### PROBLEM REQUIREMENTS
Through to the final line, write out the records below exactly, omitting any images they contain.

### PROVIDED RECORDS
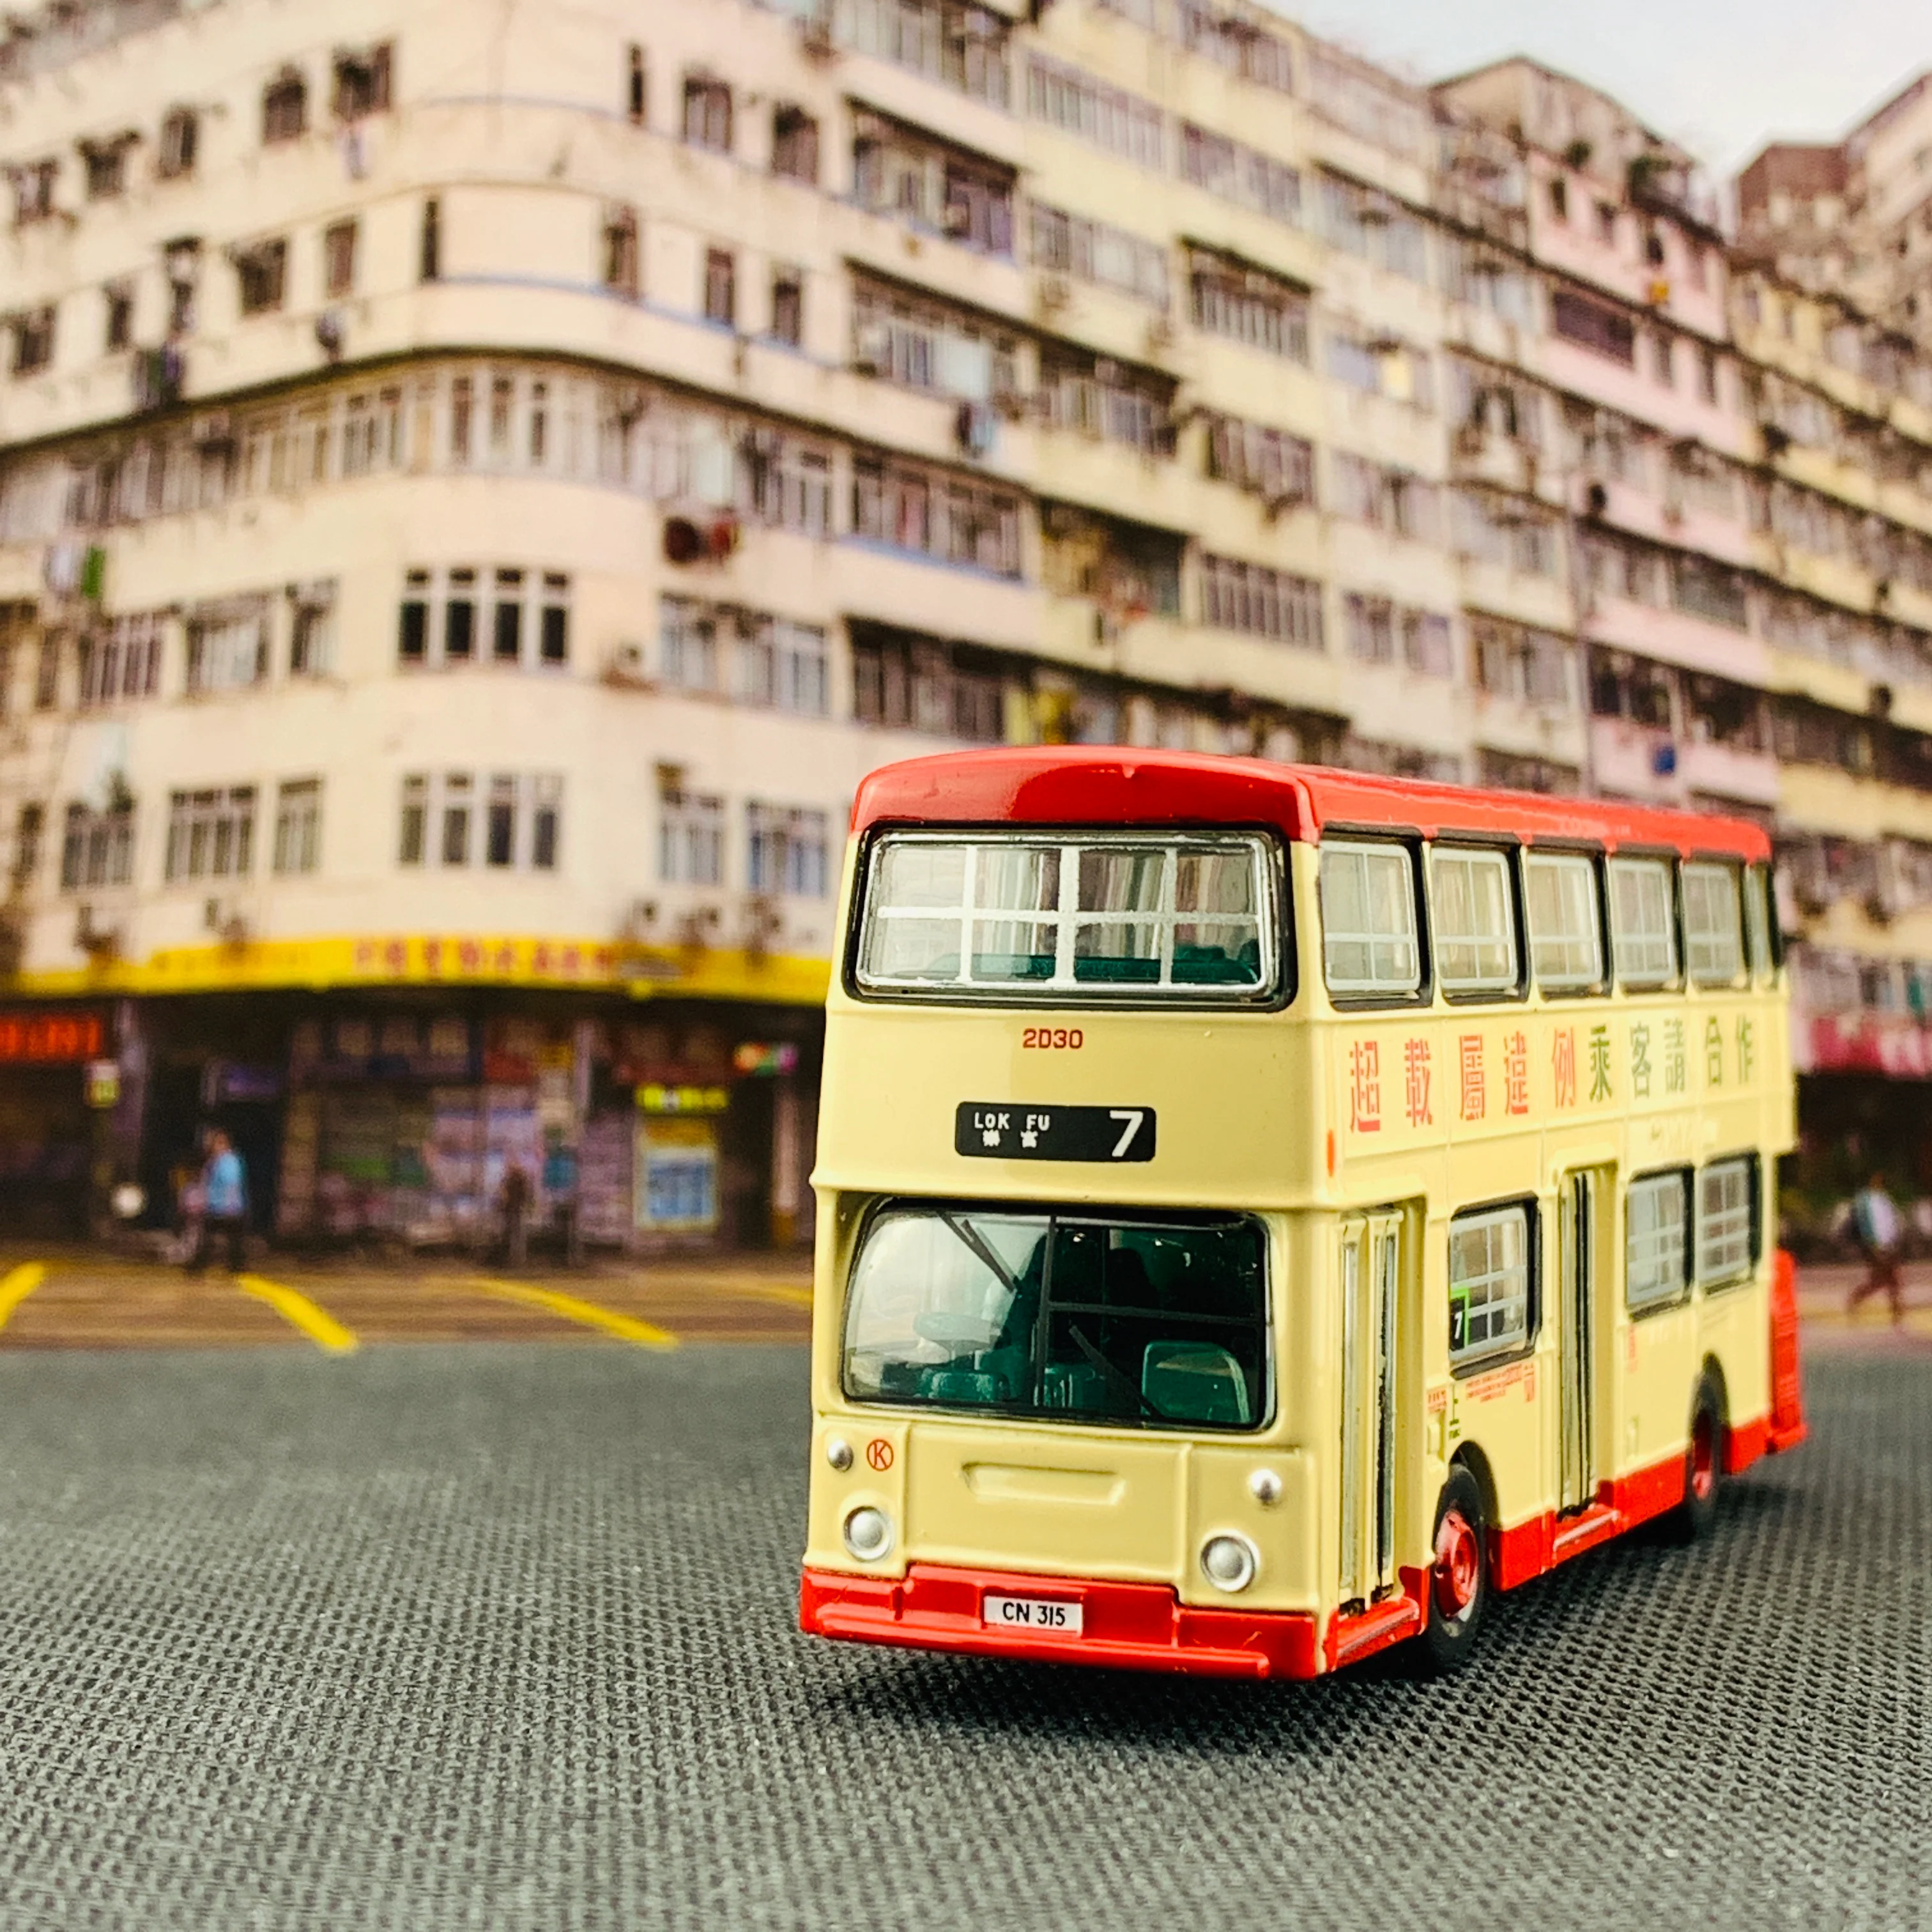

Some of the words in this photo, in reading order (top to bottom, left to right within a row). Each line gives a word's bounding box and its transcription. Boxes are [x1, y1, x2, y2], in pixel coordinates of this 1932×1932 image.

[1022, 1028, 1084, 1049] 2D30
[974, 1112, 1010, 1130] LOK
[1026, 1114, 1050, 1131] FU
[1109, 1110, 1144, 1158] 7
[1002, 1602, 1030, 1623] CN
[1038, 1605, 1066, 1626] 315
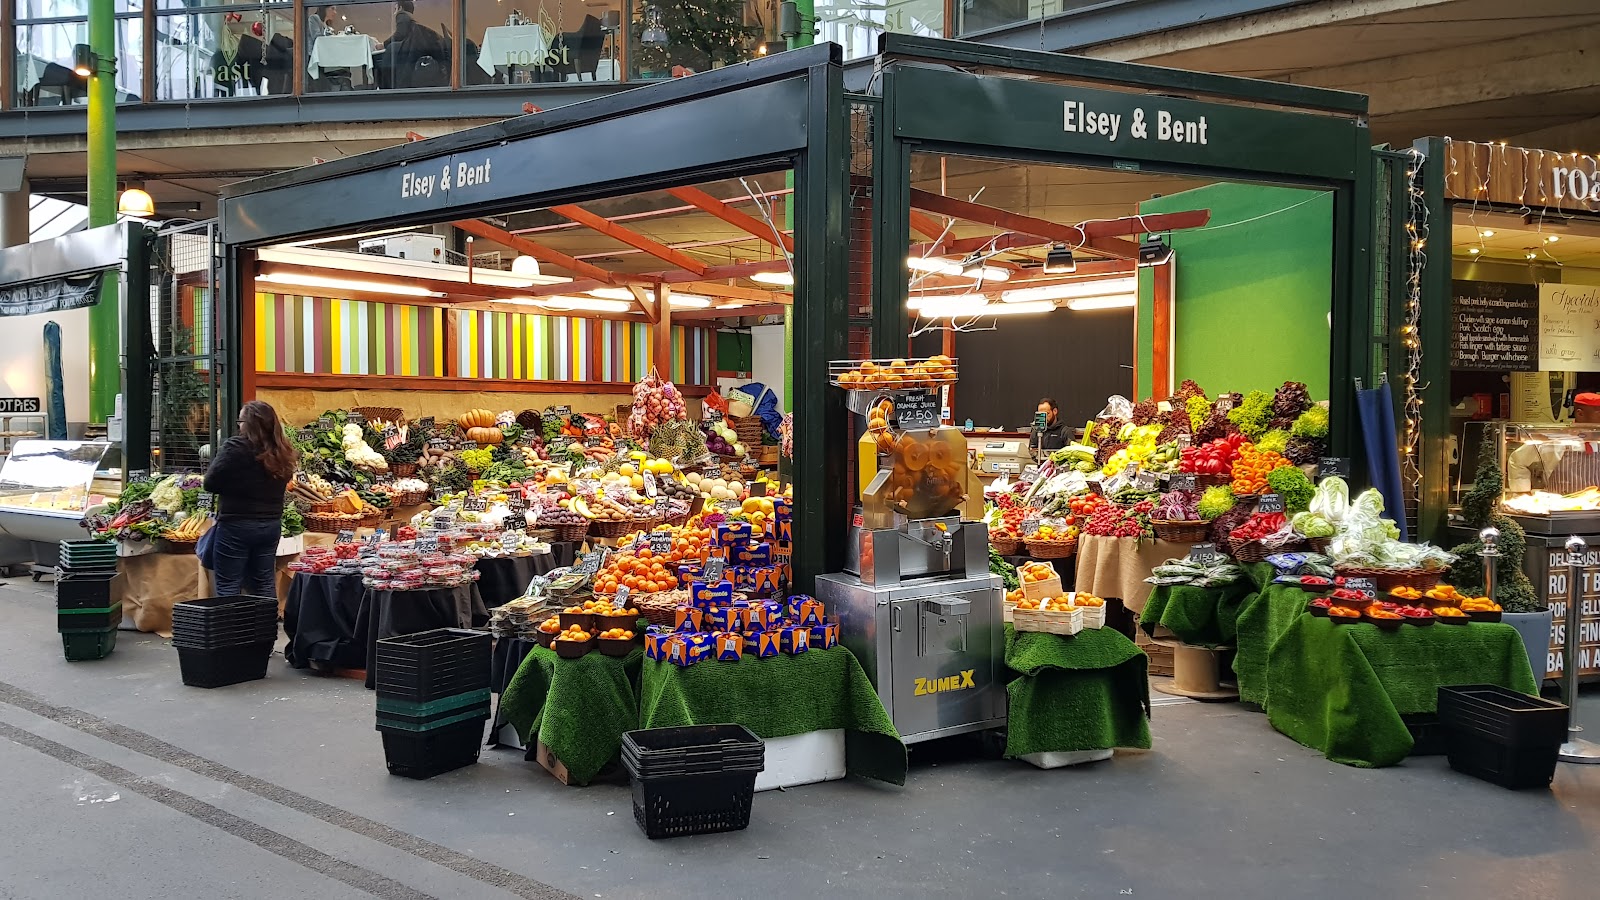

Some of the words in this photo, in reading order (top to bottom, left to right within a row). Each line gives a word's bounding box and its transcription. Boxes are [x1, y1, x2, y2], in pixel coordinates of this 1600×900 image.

### ANSWER TO THIS PROBLEM
Some of the words in this photo, in reading order (top to bottom, left to right within a row). Each line gives a word's bounding box and its transcription. Boxes are [x1, y1, x2, y2], in pixel coordinates of this 1932×1932 image.

[1022, 1028, 1084, 1049] 2D30
[974, 1112, 1010, 1130] LOK
[1026, 1114, 1050, 1131] FU
[1109, 1110, 1144, 1158] 7
[1002, 1602, 1030, 1623] CN
[1038, 1605, 1066, 1626] 315

Some of the words in this photo, in reading order (top to bottom, left to right within a row). Each line gives a word's bounding box and its transcription. Boxes are [x1, y1, x2, y2], in pixel coordinates of this 1600×900 image.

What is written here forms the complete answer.